Slirp host-loopback reachability
ccvm uses QEMU’s built-in slirp user-mode networking (see Design decisions → QEMU + slirp). A property of slirp worth knowing about:
The guest can reach the host’s loopback via 10.0.2.2
slirp maps its gateway 10.0.2.2 to the host’s 127.0.0.1. Verified: from the guest,
10.0.2.2:22 answers with the host’s own sshd.
So under open egress (the default), any host service bound to 127.0.0.1 is reachable from inside
the VM — local databases, unauthenticated dashboards, model servers (e.g. Ollama on 11434),
cloud metadata/credential proxies, a second ccvm. Many of these are unauthenticated precisely
because they assume only host-local processes reach them.

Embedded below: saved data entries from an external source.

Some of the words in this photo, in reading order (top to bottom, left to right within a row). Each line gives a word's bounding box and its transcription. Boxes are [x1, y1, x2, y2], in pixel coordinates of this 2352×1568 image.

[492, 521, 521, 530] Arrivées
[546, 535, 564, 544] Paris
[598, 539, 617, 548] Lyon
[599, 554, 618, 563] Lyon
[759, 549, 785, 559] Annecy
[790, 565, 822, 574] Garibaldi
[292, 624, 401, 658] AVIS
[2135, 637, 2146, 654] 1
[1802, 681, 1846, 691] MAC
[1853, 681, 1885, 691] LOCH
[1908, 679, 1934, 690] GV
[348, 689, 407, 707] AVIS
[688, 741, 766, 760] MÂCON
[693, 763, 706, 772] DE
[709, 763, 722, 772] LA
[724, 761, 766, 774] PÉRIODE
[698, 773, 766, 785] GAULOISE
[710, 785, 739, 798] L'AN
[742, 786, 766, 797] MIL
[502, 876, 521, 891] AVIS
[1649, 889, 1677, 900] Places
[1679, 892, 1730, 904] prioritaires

This is network reach only, not a host-write path — the filesystem boundary still holds. It matters most when ccvm runs on a host with sensitive loopback-bound services.
Closing it
An egressAllowlist closes it: 10.0.2.2 isn’t in the set, so the default-deny
firewall drops it along with everything else not allowlisted.
There is no slirp knob to keep internet access but drop only the host redirect (restrict=on
kills both). The only complete fix is the host-side namespace approach described under
Egress → host-side enforcement, which is
gated on host setup and remains future work.